== WHAT NEEDS TO BE DONE ==
Provide a verbatim copy of all the records below, leaving the images out.

== DATASET ==
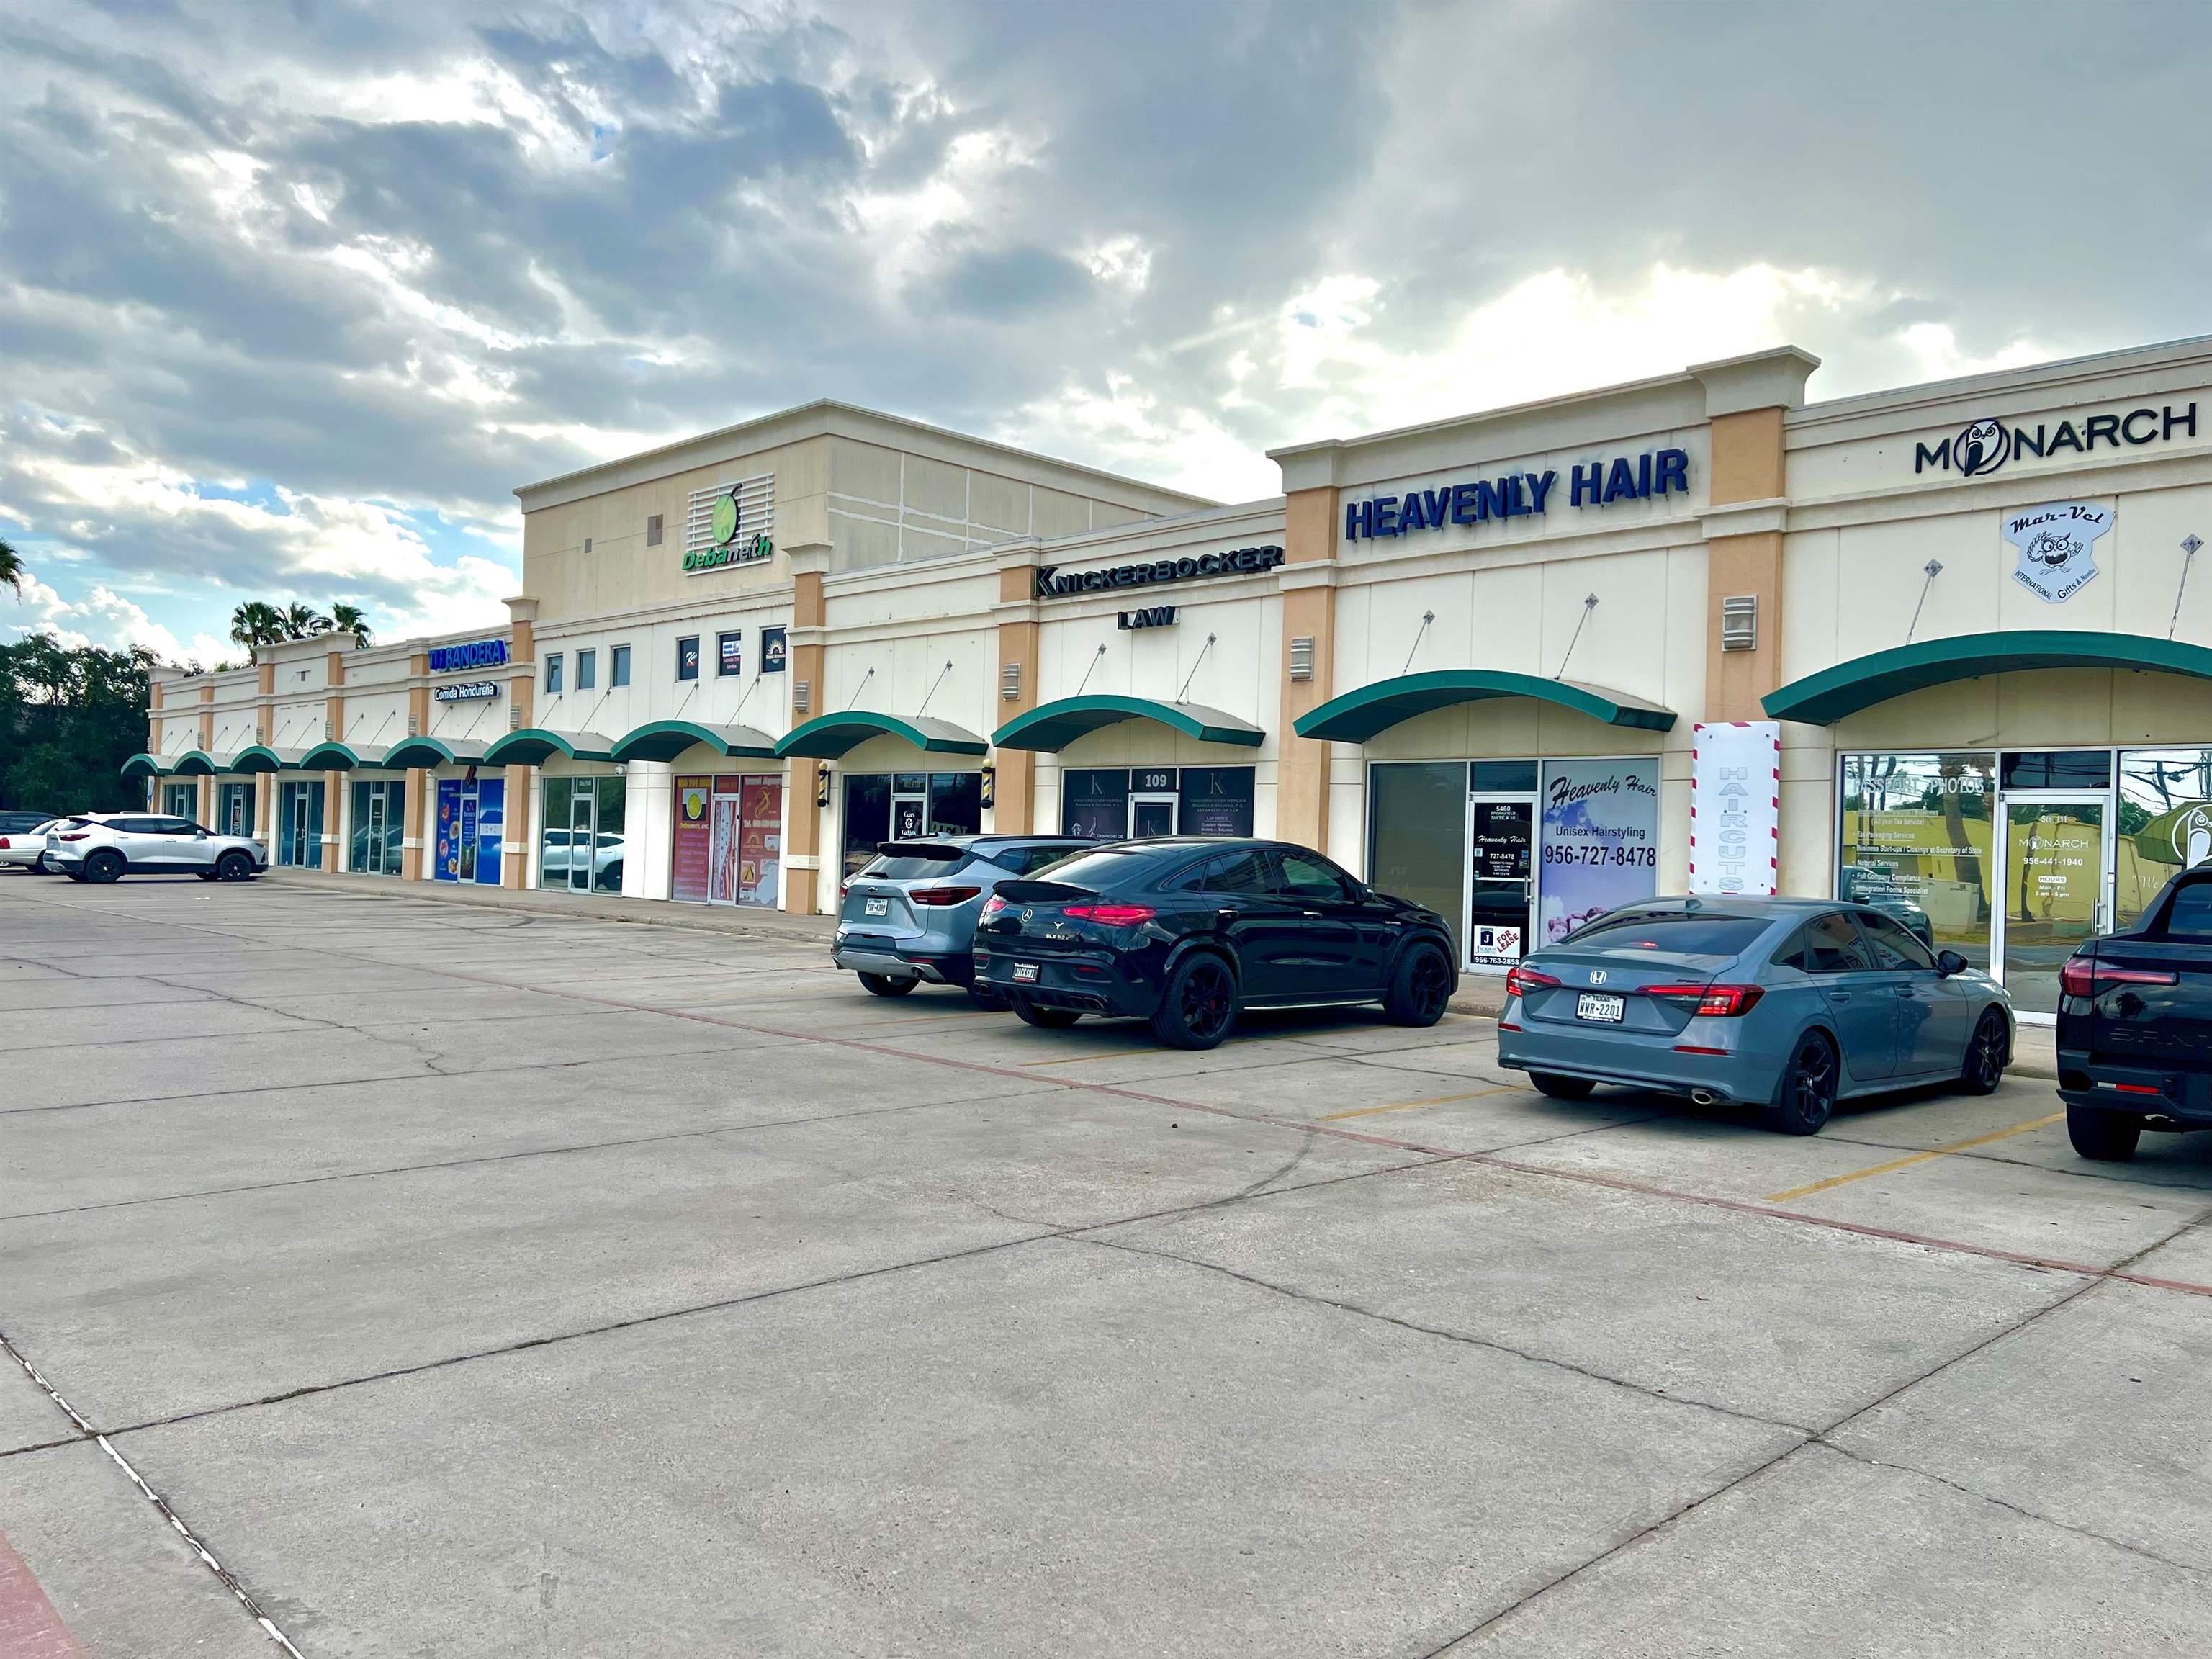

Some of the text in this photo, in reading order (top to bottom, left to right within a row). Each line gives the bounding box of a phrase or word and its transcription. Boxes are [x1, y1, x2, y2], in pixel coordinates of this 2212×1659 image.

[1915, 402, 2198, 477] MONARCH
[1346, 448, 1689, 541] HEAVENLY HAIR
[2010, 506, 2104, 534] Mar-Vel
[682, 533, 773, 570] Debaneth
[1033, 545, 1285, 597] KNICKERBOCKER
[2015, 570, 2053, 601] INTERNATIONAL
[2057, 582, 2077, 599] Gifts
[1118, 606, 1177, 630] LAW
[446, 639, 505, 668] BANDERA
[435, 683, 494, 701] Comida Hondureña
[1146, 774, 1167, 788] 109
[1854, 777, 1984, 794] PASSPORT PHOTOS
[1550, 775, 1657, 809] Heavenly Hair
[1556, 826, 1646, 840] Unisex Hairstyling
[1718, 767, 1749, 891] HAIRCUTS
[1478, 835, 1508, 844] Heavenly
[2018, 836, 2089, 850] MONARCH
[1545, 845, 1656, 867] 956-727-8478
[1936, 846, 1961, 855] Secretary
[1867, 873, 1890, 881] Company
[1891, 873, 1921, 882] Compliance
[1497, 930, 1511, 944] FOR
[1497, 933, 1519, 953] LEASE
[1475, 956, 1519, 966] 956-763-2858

== EXERCISE RESULT ==
Some of the text in this photo, in reading order (top to bottom, left to right within a row). Each line gives the bounding box of a phrase or word and its transcription. Boxes are [x1, y1, x2, y2], in pixel coordinates of this 2212×1659 image.

[1915, 402, 2198, 477] MONARCH
[1346, 448, 1689, 541] HEAVENLY HAIR
[2010, 506, 2104, 534] Mar-Vel
[682, 533, 773, 570] Debaneth
[1033, 545, 1285, 597] KNICKERBOCKER
[2015, 570, 2053, 601] INTERNATIONAL
[2057, 582, 2077, 599] Gifts
[1118, 606, 1177, 630] LAW
[446, 639, 505, 668] BANDERA
[435, 683, 494, 701] Comida Hondureña
[1146, 774, 1167, 788] 109
[1854, 777, 1984, 794] PASSPORT PHOTOS
[1550, 775, 1657, 809] Heavenly Hair
[1556, 826, 1646, 840] Unisex Hairstyling
[1718, 767, 1749, 891] HAIRCUTS
[1478, 835, 1508, 844] Heavenly
[2018, 836, 2089, 850] MONARCH
[1545, 845, 1656, 867] 956-727-8478
[1936, 846, 1961, 855] Secretary
[1867, 873, 1890, 881] Company
[1891, 873, 1921, 882] Compliance
[1497, 930, 1511, 944] FOR
[1497, 933, 1519, 953] LEASE
[1475, 956, 1519, 966] 956-763-2858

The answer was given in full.